§ **TASK INPUT**:
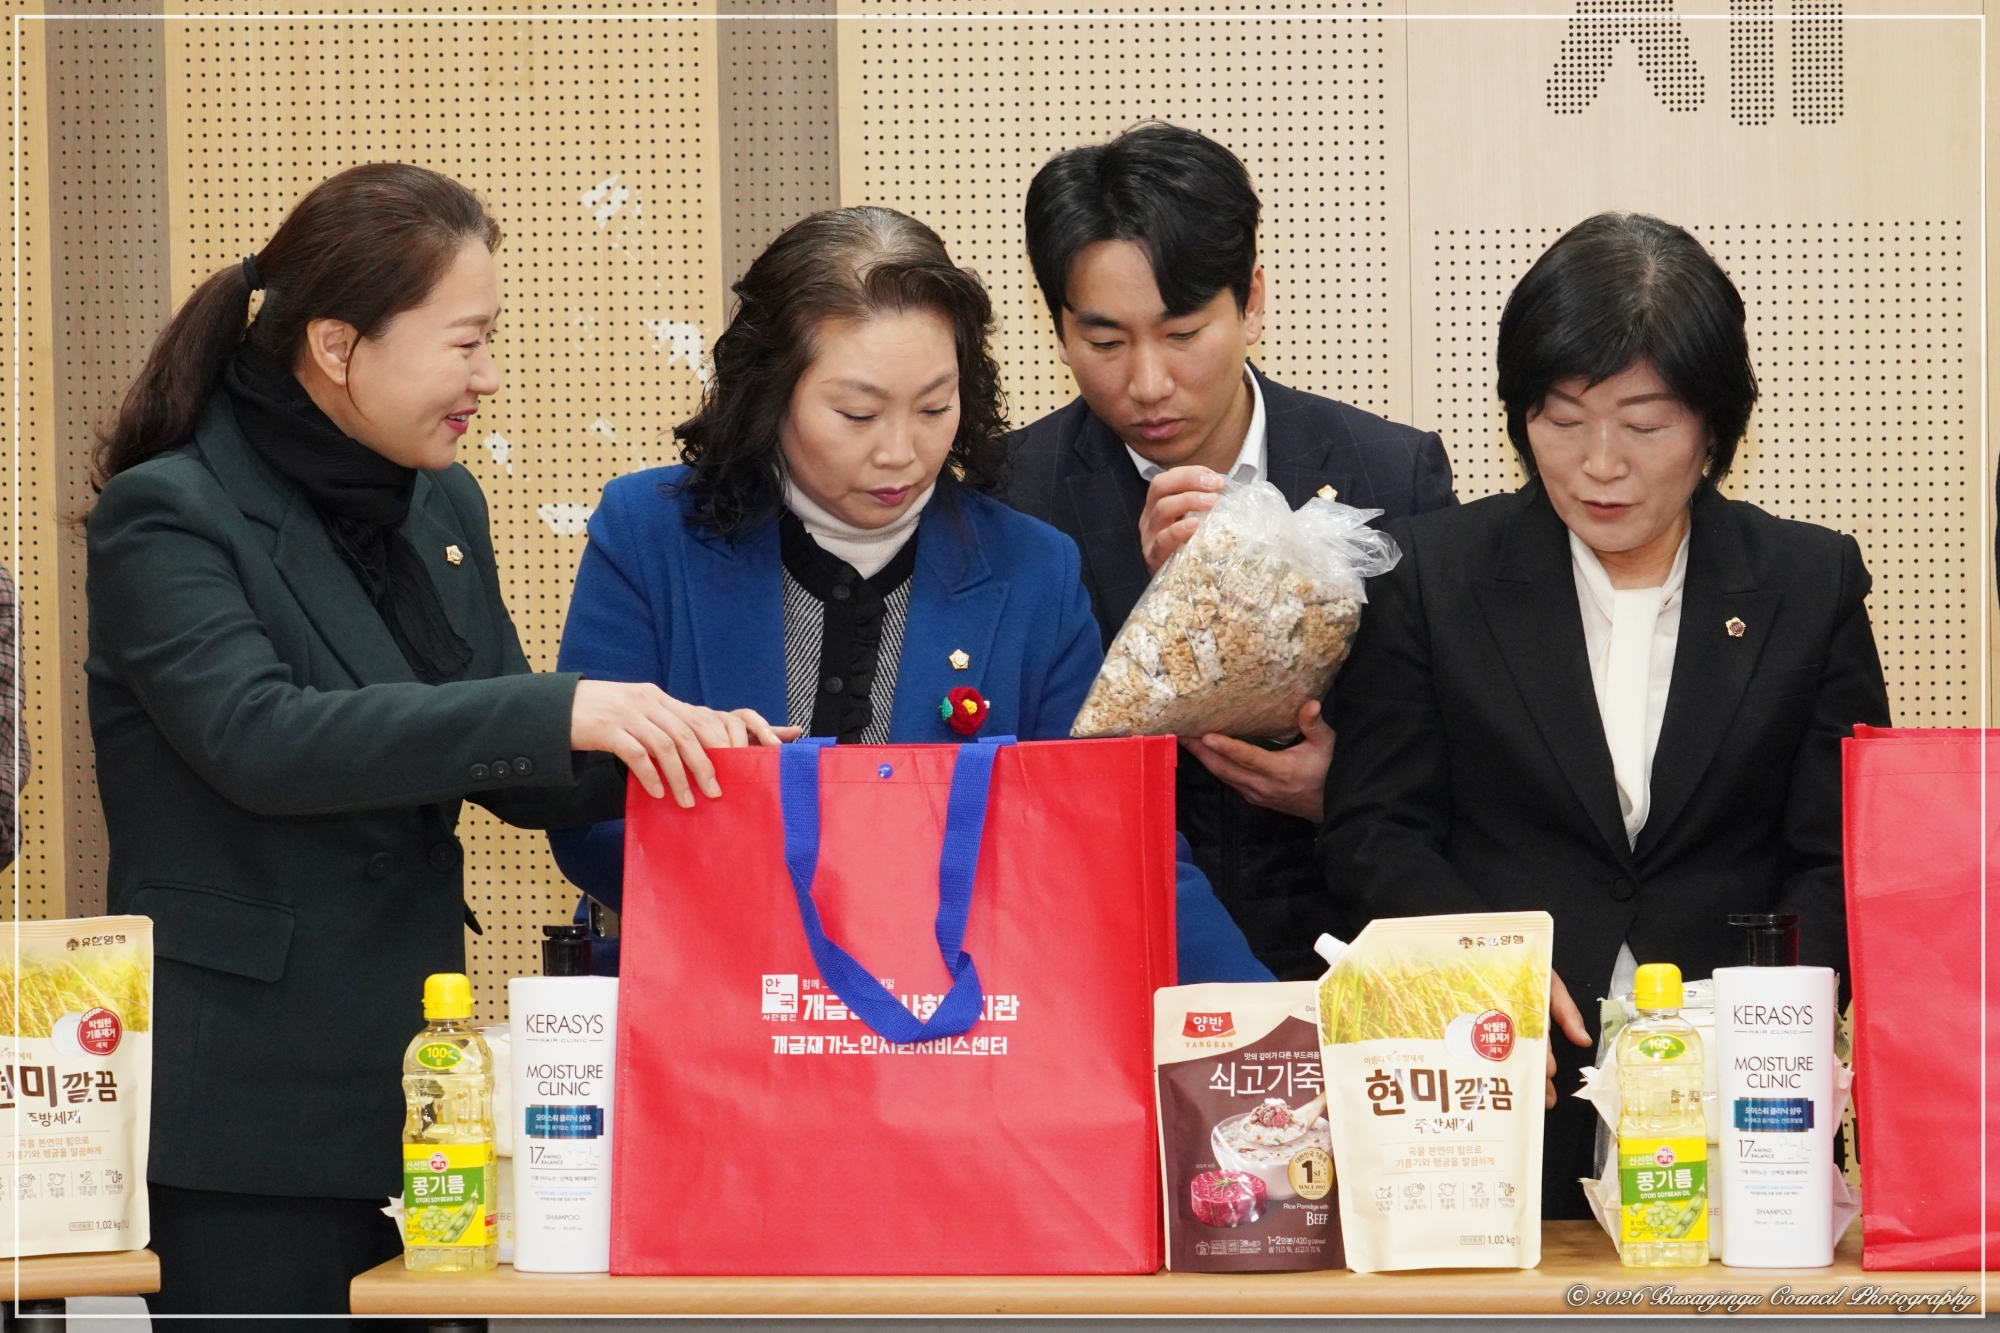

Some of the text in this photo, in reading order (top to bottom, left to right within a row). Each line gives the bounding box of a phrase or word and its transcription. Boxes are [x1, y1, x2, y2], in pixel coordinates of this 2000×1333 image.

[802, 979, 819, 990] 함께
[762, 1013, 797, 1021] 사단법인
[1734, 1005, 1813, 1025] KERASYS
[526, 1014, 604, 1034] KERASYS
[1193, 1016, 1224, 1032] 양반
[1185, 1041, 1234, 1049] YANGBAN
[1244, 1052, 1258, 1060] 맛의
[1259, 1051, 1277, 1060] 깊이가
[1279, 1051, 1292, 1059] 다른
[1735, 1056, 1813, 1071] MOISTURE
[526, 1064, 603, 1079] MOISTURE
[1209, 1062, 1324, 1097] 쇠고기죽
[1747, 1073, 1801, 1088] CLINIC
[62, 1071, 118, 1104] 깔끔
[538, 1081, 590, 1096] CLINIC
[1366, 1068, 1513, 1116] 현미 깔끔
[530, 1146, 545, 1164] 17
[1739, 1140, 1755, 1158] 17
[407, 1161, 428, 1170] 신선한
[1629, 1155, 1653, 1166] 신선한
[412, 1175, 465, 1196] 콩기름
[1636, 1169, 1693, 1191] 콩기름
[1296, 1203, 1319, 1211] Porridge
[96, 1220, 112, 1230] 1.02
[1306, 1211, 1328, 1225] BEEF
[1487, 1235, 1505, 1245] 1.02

...

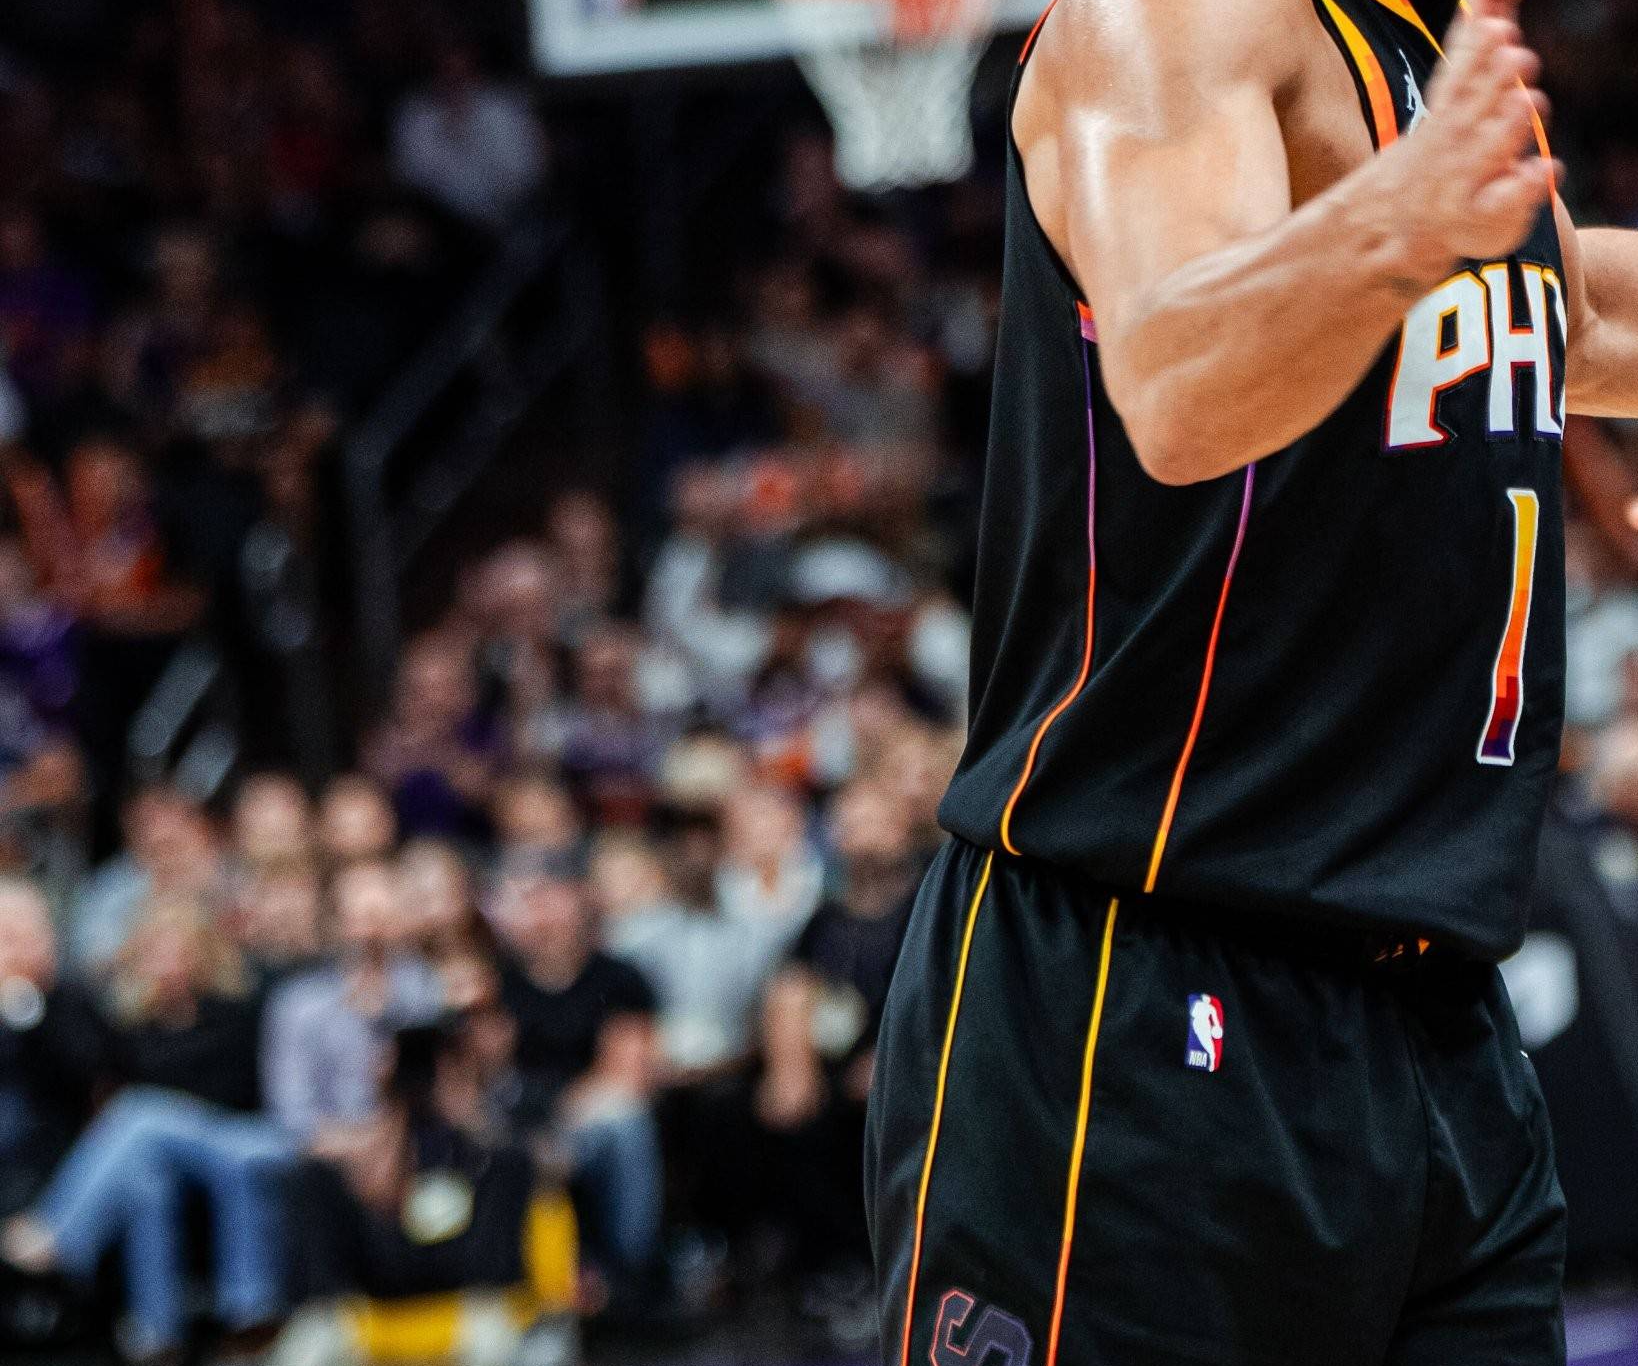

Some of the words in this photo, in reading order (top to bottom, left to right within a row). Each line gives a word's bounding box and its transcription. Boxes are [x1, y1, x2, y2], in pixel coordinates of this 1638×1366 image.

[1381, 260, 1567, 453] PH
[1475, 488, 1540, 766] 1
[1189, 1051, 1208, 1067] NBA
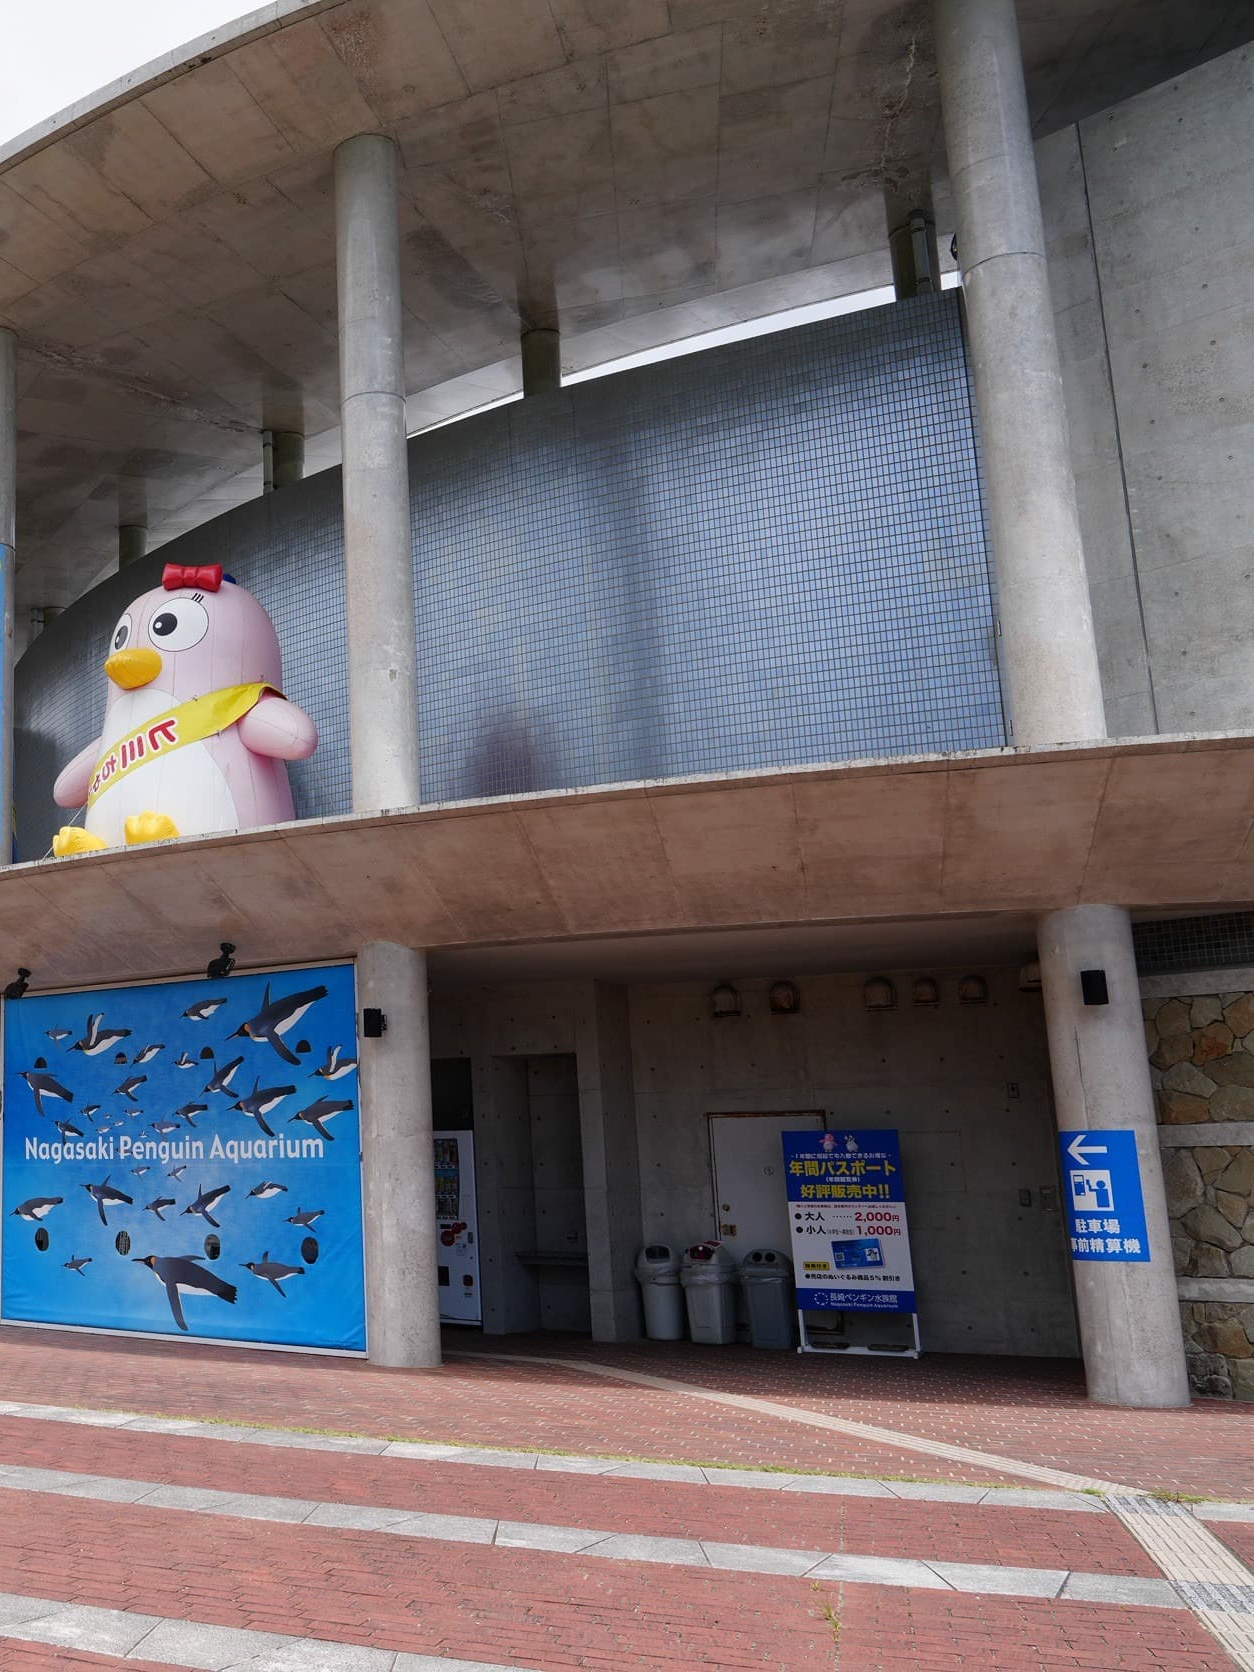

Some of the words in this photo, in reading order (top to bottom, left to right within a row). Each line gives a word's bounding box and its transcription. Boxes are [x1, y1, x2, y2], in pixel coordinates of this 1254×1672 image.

* * *

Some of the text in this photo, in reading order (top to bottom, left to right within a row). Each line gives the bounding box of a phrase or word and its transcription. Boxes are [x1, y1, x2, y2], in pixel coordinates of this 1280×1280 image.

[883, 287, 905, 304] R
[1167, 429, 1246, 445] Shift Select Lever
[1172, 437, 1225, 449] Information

§ **GOAL OF THE EXERCISE**:
Give back exactly the lines above that run from the one with "this 1638×1366 image." to the one with "this 1254×1672 image.", including both, with the pictures left out.

§ **OUTPUT OF THE TASK**:
Some of the words in this photo, in reading order (top to bottom, left to right within a row). Each line gives a word's bounding box and its transcription. Boxes are [x1, y1, x2, y2], in pixel coordinates of this 1638×1366 image.

[1381, 260, 1567, 453] PH
[1475, 488, 1540, 766] 1
[1189, 1051, 1208, 1067] NBA

Some of the words in this photo, in reading order (top to bottom, left to right within a row). Each line gives a word's bounding box and its transcription. Boxes are [x1, y1, x2, y2], in pixel coordinates of this 1254×1672 image.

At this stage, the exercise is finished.